# Supplied data:
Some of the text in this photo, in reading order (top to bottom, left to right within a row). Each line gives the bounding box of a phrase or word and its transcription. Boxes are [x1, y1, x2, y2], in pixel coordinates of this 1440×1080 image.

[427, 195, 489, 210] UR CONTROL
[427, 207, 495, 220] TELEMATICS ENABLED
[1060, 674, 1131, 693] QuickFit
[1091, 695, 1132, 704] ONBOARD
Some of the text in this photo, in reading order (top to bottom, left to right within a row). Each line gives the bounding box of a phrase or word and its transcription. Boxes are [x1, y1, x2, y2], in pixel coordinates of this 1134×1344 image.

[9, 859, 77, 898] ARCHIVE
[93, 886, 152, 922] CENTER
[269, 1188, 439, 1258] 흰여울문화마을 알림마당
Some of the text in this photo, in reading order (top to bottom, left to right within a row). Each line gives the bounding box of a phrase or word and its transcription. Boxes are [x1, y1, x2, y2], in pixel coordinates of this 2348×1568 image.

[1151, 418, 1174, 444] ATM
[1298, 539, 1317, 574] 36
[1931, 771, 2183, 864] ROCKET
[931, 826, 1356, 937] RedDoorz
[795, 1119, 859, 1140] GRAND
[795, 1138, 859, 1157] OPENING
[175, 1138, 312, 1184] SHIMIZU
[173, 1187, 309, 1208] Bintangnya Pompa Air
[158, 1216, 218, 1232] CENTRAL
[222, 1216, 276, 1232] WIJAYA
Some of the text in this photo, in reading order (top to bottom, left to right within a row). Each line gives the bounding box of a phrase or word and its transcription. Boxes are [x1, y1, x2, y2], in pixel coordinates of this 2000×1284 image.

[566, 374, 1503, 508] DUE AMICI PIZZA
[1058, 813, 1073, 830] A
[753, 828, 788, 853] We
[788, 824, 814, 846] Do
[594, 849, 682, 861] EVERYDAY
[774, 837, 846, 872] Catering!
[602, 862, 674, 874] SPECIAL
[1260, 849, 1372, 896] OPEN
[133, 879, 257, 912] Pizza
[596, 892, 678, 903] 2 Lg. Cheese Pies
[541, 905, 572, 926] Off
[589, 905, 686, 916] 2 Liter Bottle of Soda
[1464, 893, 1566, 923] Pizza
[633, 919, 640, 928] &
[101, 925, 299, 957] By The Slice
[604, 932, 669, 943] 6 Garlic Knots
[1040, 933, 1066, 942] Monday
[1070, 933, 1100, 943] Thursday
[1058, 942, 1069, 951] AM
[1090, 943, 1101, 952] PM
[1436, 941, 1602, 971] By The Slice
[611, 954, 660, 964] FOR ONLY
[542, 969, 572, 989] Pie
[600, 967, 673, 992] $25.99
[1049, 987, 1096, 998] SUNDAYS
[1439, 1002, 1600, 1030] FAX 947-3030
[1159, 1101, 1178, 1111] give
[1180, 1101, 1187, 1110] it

# Problem description:
Give the full listing above again, exactly as it was presented.

# Exercise response:
Some of the text in this photo, in reading order (top to bottom, left to right within a row). Each line gives the bounding box of a phrase or word and its transcription. Boxes are [x1, y1, x2, y2], in pixel coordinates of this 1440×1080 image.

[427, 195, 489, 210] UR CONTROL
[427, 207, 495, 220] TELEMATICS ENABLED
[1060, 674, 1131, 693] QuickFit
[1091, 695, 1132, 704] ONBOARD
Some of the text in this photo, in reading order (top to bottom, left to right within a row). Each line gives the bounding box of a phrase or word and its transcription. Boxes are [x1, y1, x2, y2], in pixel coordinates of this 1134×1344 image.

[9, 859, 77, 898] ARCHIVE
[93, 886, 152, 922] CENTER
[269, 1188, 439, 1258] 흰여울문화마을 알림마당
Some of the text in this photo, in reading order (top to bottom, left to right within a row). Each line gives the bounding box of a phrase or word and its transcription. Boxes are [x1, y1, x2, y2], in pixel coordinates of this 2348×1568 image.

[1151, 418, 1174, 444] ATM
[1298, 539, 1317, 574] 36
[1931, 771, 2183, 864] ROCKET
[931, 826, 1356, 937] RedDoorz
[795, 1119, 859, 1140] GRAND
[795, 1138, 859, 1157] OPENING
[175, 1138, 312, 1184] SHIMIZU
[173, 1187, 309, 1208] Bintangnya Pompa Air
[158, 1216, 218, 1232] CENTRAL
[222, 1216, 276, 1232] WIJAYA
Some of the text in this photo, in reading order (top to bottom, left to right within a row). Each line gives the bounding box of a phrase or word and its transcription. Boxes are [x1, y1, x2, y2], in pixel coordinates of this 2000×1284 image.

[566, 374, 1503, 508] DUE AMICI PIZZA
[1058, 813, 1073, 830] A
[753, 828, 788, 853] We
[788, 824, 814, 846] Do
[594, 849, 682, 861] EVERYDAY
[774, 837, 846, 872] Catering!
[602, 862, 674, 874] SPECIAL
[1260, 849, 1372, 896] OPEN
[133, 879, 257, 912] Pizza
[596, 892, 678, 903] 2 Lg. Cheese Pies
[541, 905, 572, 926] Off
[589, 905, 686, 916] 2 Liter Bottle of Soda
[1464, 893, 1566, 923] Pizza
[633, 919, 640, 928] &
[101, 925, 299, 957] By The Slice
[604, 932, 669, 943] 6 Garlic Knots
[1040, 933, 1066, 942] Monday
[1070, 933, 1100, 943] Thursday
[1058, 942, 1069, 951] AM
[1090, 943, 1101, 952] PM
[1436, 941, 1602, 971] By The Slice
[611, 954, 660, 964] FOR ONLY
[542, 969, 572, 989] Pie
[600, 967, 673, 992] $25.99
[1049, 987, 1096, 998] SUNDAYS
[1439, 1002, 1600, 1030] FAX 947-3030
[1159, 1101, 1178, 1111] give
[1180, 1101, 1187, 1110] it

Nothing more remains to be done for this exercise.